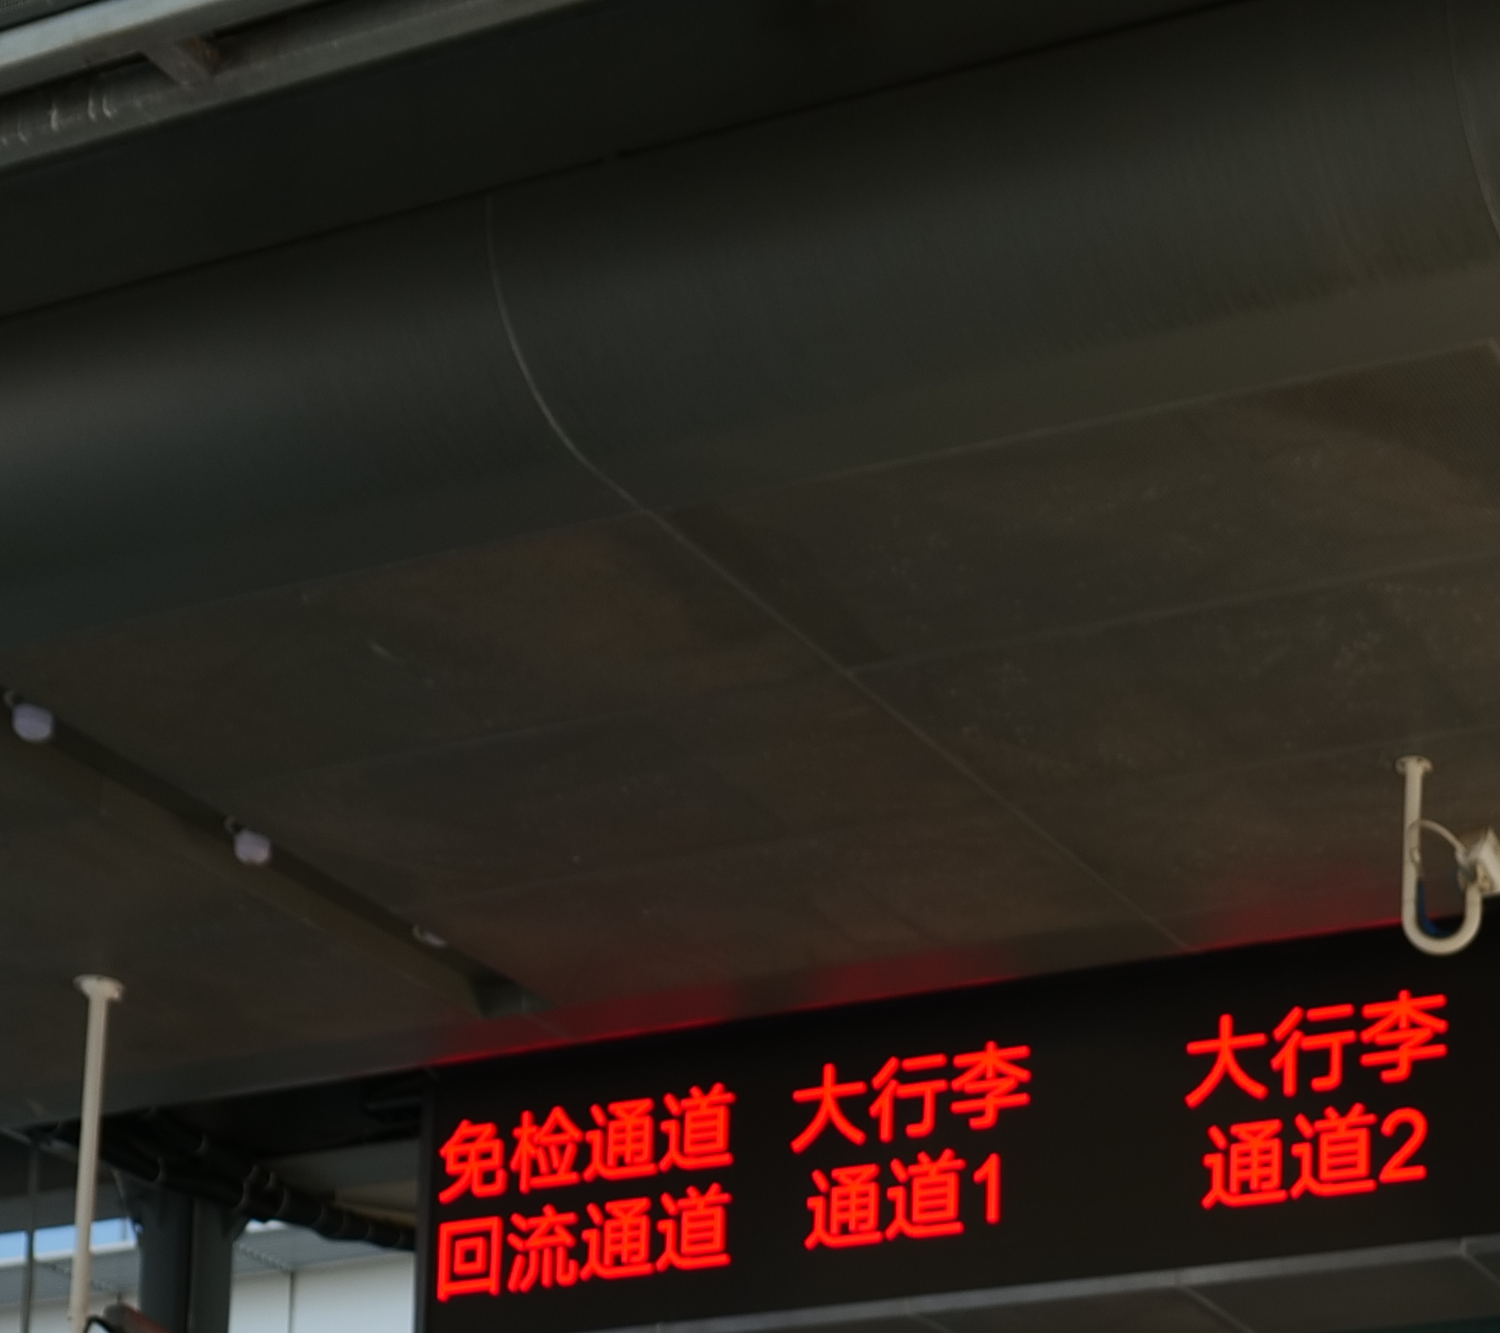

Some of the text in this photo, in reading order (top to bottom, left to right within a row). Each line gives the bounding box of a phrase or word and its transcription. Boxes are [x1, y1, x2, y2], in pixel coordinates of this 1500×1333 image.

[789, 1039, 1032, 1153] 大行李
[1183, 988, 1448, 1108] 大行李
[437, 1081, 736, 1204] 免检通道
[803, 1147, 1001, 1250] 通道1
[1200, 1101, 1428, 1209] 通道2
[435, 1181, 732, 1302] 回流通道
——
WORK REQUEST: In this exercise, set down all of the data exactly, without the pictures.

YOUR RESPONSE:
Some of the text in this photo, in reading order (top to bottom, left to right within a row). Each line gives the bounding box of a phrase or word and its transcription. Boxes are [x1, y1, x2, y2], in pixel coordinates of this 1500×1333 image.

[789, 1039, 1032, 1153] 大行李
[1183, 988, 1448, 1108] 大行李
[437, 1081, 736, 1204] 免检通道
[803, 1147, 1001, 1250] 通道1
[1200, 1101, 1428, 1209] 通道2
[435, 1181, 732, 1302] 回流通道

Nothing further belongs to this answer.